The patient's living environment can also be modified to improve independence. For example, ramps or lifts can be added to a patient's home, and part of rehabilitation involves investigating options for returning to previous interests as well as developing new pursuits. Community participation is an important aspect in maintaining quality of life.

== Gait training ==
Body weight supported treadmill training is another intervention that physiotherapists may assist with. Body weight supported treadmill training has been researched in an attempt to prevent bone loss in the lower extremities in individuals with spinal cord injury. Research has shown that early weight-bearing after acute spinal cord injury by standing or treadmill walking (5 times weekly for 25 weeks) resulted in no loss or only moderate loss in trabecular bone compared with immobilized subjects who lost 7-9% of trabecular bone at the tibia.
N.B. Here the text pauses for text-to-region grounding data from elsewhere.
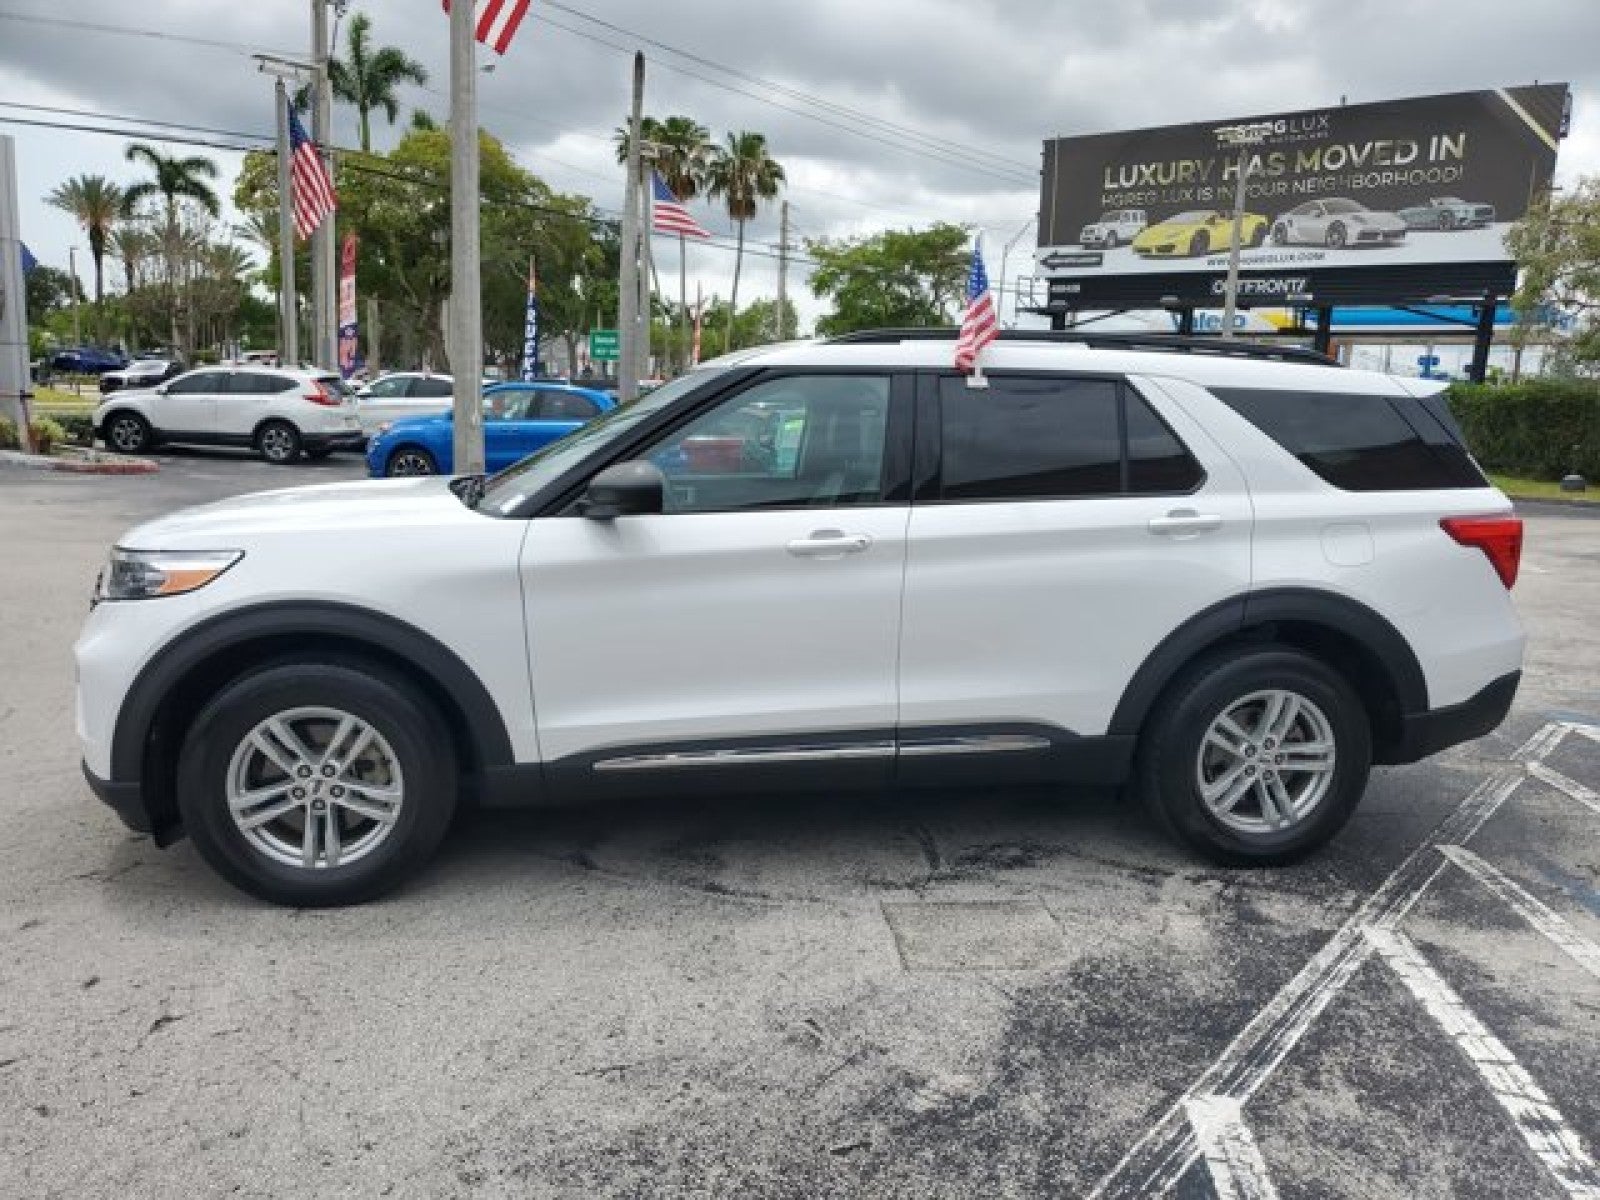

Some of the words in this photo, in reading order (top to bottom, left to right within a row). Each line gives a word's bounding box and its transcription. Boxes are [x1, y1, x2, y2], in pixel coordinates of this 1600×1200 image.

[1104, 160, 1215, 190] LUXURY
[1222, 152, 1286, 181] HAS
[1295, 140, 1419, 173] MOVED
[1429, 132, 1466, 161] IN
[1197, 186, 1213, 201] IS
Gait training with body weight support, among patients with incomplete spinal cord injuries, has also recently been shown to be more effective than conventional physiotherapy for improving the spatial-temporal and kinematic gait parameters.

A combination of Body weight supported treadmill training (BWSTT) and robotic-assisted BWSTT is being implemented into some training programs. The benefits include: (1) assist in reproducing leg movements and optimizing gait pattern (speed, step length, amplitude); (2) training sessions can be prolonged and walking speed can be adjusted, increasing motor outcome; (3) provides consistency of movement, where manual interventions/cues by a trainer may be variable (although a trainer should analyze the gait pattern and outcome measures of the training and supervise training). The patient must be an active participant during the robotic movements and try to move with the robot. This type of training would be implemented during the beginning of rehabilitation and progressed to independent locomotion as improvements are made. However, robotic-assisted BWSTT is expensive and often not affordable by physiotherapy clinics. As an alternative, the development of non-motorized exoskeletons are currently being investigated for patients with incomplete SCI. The development of the exoskeleton locomotor device would provide an inexpensive alternative to the robotic devices. The exoskeleton may be used in areas that can not afford robotic devices, or, in areas that can not provide adequate physiotherapy care.

Restorative neurology offers a different paradigm of treating spinal cord injury by focusing on the residual remaining motor control and on the intrinsic function of the sub-lesional spinal cord segments. One study has shown that rTMS can lead to a functional increase in patients with incomplete spinal cord injuries after the effects of BWSTT stagnate.